Si è svolto ieri a Villa Niscemi un incontro tra l’amministrazione comunale di Palermo e quella della Regione Siciliana, rappresentata quest’ultima dall’assessore Gaetano Armao, con diversi funzionari e dirigenti, fra cui il capo della segreteria tecnica ed il ragioniere generale. L’incontro ha fatto seguito all’esigenza, manifestata dal Comune di attivare ogni necessaria collaborazione istituzionale tesa ad affrontare criticità e progetti di competenza della Regione con ricaduta sulla città di Palermo. Per il Comune erano presenti, oltre al sindaco, gli assessori alle Attività produttive e ai Trasporti, nonché diversi dirigenti e funzionari, tra cui il ragioniere generale.

“L’Amministrazione comunale – fa sapere con un comunicato il sindaco di Palermo, Leoluca Orlando – ha fornito, per ogni settore di sua competenza, un elenco di progetti ed interventi, sia finanziari che amministrativi, ritenuti di assoluta priorità, per l’uscita, in chiave progettuale e di prospettiva, dall’attuale emergenza.
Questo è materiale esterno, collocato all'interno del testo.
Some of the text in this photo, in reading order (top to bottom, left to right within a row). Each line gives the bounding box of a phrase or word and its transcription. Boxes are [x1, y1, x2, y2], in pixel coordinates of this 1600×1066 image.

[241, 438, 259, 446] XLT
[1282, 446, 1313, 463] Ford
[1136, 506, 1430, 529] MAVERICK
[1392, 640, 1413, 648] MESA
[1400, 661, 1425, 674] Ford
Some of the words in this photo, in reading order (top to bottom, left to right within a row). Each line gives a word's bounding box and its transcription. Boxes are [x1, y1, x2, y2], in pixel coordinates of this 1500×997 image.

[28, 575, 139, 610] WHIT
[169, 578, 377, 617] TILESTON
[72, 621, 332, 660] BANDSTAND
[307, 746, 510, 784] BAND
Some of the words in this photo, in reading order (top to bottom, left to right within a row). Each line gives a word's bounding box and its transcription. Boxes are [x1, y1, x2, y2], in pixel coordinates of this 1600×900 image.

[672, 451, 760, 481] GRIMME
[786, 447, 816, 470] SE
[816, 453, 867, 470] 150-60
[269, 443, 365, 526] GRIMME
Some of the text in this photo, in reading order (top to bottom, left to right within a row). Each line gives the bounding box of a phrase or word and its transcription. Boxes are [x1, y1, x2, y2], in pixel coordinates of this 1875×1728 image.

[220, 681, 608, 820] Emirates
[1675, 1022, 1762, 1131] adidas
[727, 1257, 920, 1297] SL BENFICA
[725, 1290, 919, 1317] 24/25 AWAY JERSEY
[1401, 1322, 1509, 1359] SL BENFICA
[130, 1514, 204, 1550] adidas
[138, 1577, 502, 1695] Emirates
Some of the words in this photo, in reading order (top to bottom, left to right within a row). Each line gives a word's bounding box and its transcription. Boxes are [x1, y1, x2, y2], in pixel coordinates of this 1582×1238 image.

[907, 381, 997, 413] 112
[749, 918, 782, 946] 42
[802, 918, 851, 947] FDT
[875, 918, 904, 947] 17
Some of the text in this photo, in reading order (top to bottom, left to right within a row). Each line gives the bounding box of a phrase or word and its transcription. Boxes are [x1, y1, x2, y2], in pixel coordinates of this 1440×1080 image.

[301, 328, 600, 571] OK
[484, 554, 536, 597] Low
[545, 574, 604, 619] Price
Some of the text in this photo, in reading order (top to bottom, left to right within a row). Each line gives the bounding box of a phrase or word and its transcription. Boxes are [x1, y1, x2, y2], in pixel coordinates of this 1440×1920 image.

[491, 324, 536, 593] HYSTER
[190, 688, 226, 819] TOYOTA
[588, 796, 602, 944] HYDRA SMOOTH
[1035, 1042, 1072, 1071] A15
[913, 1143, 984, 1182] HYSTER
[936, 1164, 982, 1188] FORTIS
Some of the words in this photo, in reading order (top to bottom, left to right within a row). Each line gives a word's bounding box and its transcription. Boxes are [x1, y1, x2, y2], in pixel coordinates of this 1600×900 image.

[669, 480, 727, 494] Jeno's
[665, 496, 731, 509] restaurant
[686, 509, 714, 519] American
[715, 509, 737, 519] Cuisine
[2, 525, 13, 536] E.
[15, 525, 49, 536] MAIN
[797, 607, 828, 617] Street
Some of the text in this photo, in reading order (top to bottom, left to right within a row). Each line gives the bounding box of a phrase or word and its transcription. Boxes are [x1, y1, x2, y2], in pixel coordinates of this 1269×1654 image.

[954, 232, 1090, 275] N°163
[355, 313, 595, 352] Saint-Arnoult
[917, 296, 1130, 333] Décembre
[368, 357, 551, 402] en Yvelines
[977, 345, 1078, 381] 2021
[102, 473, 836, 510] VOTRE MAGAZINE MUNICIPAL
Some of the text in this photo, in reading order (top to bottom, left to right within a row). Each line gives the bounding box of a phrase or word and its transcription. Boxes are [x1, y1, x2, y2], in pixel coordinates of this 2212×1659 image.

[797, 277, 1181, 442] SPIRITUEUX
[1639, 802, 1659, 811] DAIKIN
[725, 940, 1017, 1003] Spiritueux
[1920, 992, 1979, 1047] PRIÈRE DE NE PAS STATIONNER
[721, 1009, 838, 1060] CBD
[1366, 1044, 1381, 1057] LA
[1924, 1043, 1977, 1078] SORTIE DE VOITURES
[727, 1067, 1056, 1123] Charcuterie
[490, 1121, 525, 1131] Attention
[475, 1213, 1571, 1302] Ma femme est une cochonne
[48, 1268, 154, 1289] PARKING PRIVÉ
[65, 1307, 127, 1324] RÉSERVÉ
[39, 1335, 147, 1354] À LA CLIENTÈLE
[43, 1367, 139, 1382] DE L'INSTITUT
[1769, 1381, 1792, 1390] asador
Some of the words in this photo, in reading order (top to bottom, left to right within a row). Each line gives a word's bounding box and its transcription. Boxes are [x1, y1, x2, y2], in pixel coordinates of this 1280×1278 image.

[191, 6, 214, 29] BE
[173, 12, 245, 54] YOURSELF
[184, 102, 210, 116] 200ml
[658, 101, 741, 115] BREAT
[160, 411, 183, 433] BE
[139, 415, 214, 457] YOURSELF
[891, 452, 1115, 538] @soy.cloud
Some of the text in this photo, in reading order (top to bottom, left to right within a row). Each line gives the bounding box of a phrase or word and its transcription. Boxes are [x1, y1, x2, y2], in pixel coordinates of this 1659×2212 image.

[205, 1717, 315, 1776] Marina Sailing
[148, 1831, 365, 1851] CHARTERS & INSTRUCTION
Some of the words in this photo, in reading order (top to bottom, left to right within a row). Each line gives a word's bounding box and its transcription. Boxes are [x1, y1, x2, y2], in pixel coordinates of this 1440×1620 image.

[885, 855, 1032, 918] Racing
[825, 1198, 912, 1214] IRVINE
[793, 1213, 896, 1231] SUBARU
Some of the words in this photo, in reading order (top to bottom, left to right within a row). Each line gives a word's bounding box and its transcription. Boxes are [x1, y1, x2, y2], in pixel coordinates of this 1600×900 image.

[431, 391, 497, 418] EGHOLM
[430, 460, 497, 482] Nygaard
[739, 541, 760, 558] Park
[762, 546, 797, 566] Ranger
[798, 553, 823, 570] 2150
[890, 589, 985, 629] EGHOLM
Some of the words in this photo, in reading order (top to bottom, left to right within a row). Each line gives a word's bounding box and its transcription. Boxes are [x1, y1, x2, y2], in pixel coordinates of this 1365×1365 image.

L’incontro è stato l’occasione di approfondimento utile per superare limiti e vincoli legati all’attuale normativa e per ottenere conferma da parte della Regione dell’immediato trasferimento all’amministrazione comunale di somme di cui all’ordinanza di Protezione civile di maggio, necessari per fronteggiare l’emergere di servizi e personale Gesip, e ciò non appena si sarà pronunciato il tavolo tecnico interministeriale convocato per martedì 11 settembre a Palazzo Chigi”.

“L’assessore Gaetano Armao – prosegue Orlando – parteciperà al tavolo di crisi convocato per lo stesso giorno 11 settembre 2012 a Palazzo Chigi, con il sindaco e con tutti i ministeri interessati, sostenendo l’attenzione del governo regionale per l’approccio progettuale di Palermo per un rilancio dei servizi resi di tutte le partecipate e per la garanzia dei relativi livelli occupazionali. Con riferimento al trasporto pubblico il Comune e la Regione ritengono di dover chiedere, con forza, l’equiparazione ai fini del patto di stabilità della Regione Siciliana a Statuto Speciale ai criteri adottati per le Regioni a Statuto Ordinario: ciò consentirebbe di evitare l’insostenibile taglio del 20% del fondo regionale trasporti”.